When churches use New Testament Letters as a weapon of control
The Eld. Jessica Beasley is ordained to the office and ministry of ruling elder. Photo: Gerald Farinas.
The Rev. Kristin Hutson and Eld. T.J. Martin installed Elds. Jessica Beasley, Kathy Anderson, and Chuma Ezeokoli as ruling elders. Photo: Gerald Farinas.
It happened again. I listened to someone use the Bible to argue why a woman should not be a pastor or elder of the Church. All I could do was shake my head and want to throw the iPad mini I was using to watch the interview against the wall.
One of my favorite beginners’ theology text is by Justo L. Gonzalez called “The Story of Christianity.” In Volume 1, he points out that those earliest New Testament writers were not trying to write a complete rulebook for every part of life.
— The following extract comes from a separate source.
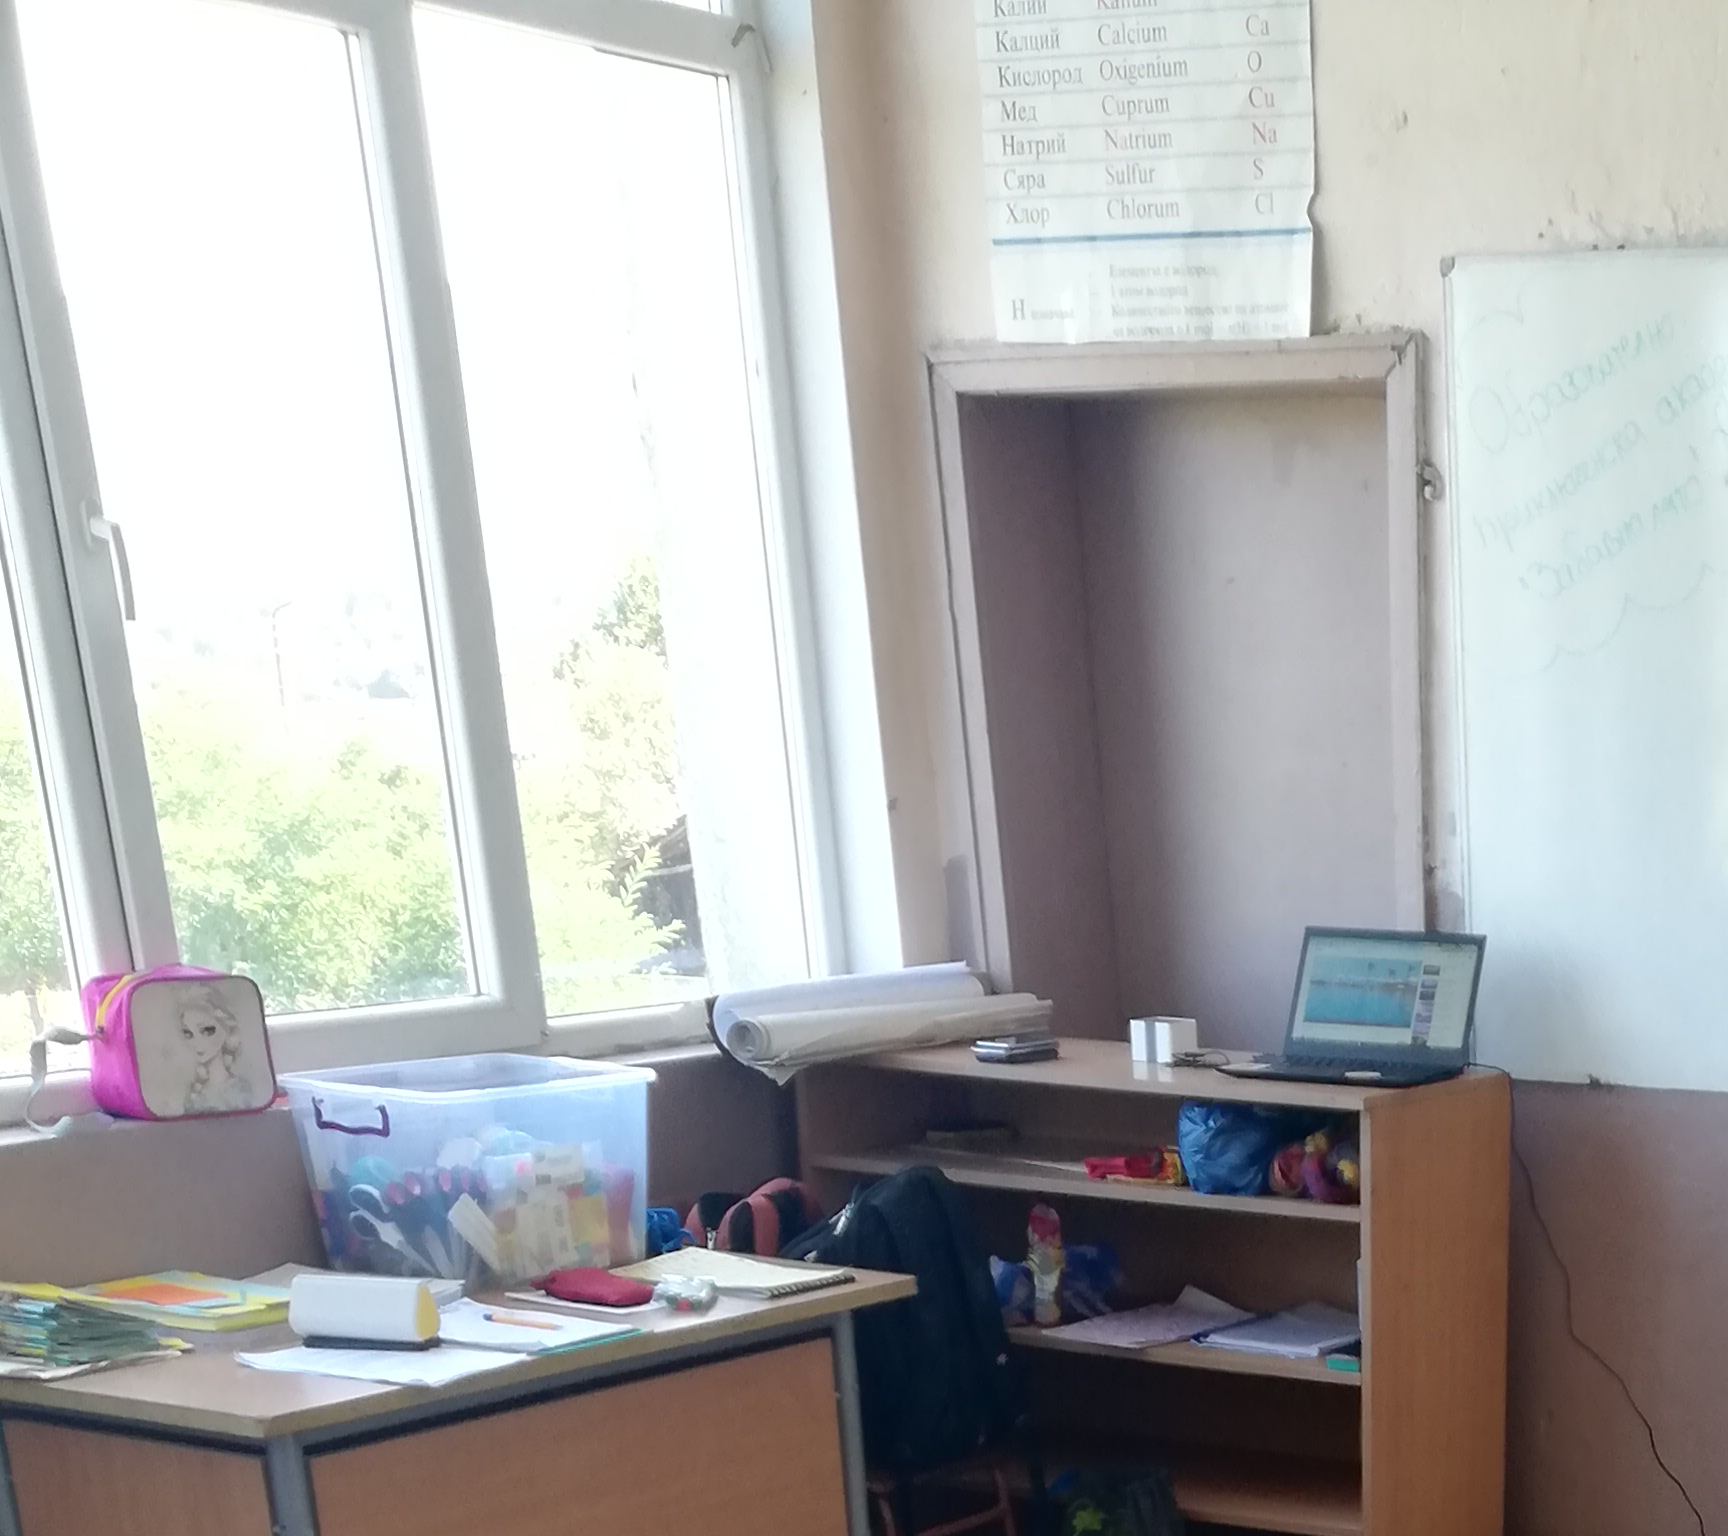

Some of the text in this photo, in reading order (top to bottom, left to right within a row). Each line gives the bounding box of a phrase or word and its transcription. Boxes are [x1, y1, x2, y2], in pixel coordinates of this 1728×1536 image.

Instead, their letters were responses to specific problems in specific places. These writings, mostly attributed to the Apostle Paul, were never meant to be a final set of laws for all time. This historical fact creates a major conflict when people today try to use the Letters of the New Testament as a rigid set of laws to control how Christians live or to shape public policy for everyone else.
When these ancient letters are turned into tools for social control, the original purpose of the Gospel is often lost under a desire for power.
The New Testament Letters were written to small groups of people trying to survive and follow Christ while living under the Roman Empire. The authors wrote about immediate issues like how to get along with neighbors, how to stay faithful during hard times, and how to organize the early Church.
Treating these letters as a permanent legal code for the modern world ignores that they were meant for specific moments in time. When people cherry-pick verses to tell others how to live, they often skip over the main message of grace and freedom found in the life of Jesus.
This makes the Bible feel like a weapon instead of a source of life.
A clear example of this problem is found in the history of slavery. For centuries, people used specific verses from the New Testament Letters that told enslaved people to obey their masters to justify a brutal and sinful system.
They took pastoral advice meant for a first-century context and turned it into a permanent endorsement of human bondage. By focusing on those specific words, they ignored the broader Gospel message that all people are equal in Christ. This shows the danger of taking a single piece of ancient writing and using it to deny the basic rights and dignity of others.
In a similar way, some Evangelical or fringe churches that call themselves “nondenominational” use the New Testament Letters to subdue and limit the lives of women. These groups often take specific verses about women remaining quiet or being submissive to their husbands and turn them into universal rules for all women today.
By focusing on these narrow instructions, these churches often prevent women from leading, teaching, or having an equal voice in their own families and faith communities.
And guess what? We used the same lines from these Pauline Letters to prevent women from becoming pastors and elders in our own Presbyterian denomination at one time!
This practice ignores the many times Paul also praised women as coworkers, deacons, and leaders in the early Church. It turns a historical moment of cultural adjustment into a permanent tool for keeping women in a lower social position, which contradicts the Gospel promise of new life for everyone.
Using these historical instructions to make laws for people who are not Christian is another major leap. In a world with many different beliefs, trying to turn the private advice given to a tiny religious minority 2,000 years ago into modern government policy creates a wall between the Church and the public.
The mission of the Presbyterian Church (USA) and the Church at large is hurt when the language of faith is replaced by the language of force. This approach often harms the LGBTQ community and other groups who find themselves targeted by laws based on a narrow reading of the Epistles.
Being faithful to the New Testament does not mean enforcing every cultural rule found in the Letters. It means understanding the Spirit behind those words. If the apostolic fathers wrote to help people love one another in their own time, then the modern Church should focus on how the Gospel calls for justice and kindness today.
Moving away from a focus on control allows for a faith that is more welcoming and reflects the wide love of God. When we recognize that these texts have limits, we can stop using the Bible to shut people out and start using it to invite everyone into a more free way of living.
Earlier today, we ordained Eld. Jessica Beasley to the office of presbyter and installed her alongside Elds. Kathy Anderson and Chuma Ezeokoli to new terms on the Session—the Board of Governors of our church. In the moment the Rev. Kristin Hutson and my fellow elders laid their hands on Jessica, we said no to those who still use the New Testament Letters as a weapon of the Church today. And we will continue to say no as we do the work of God.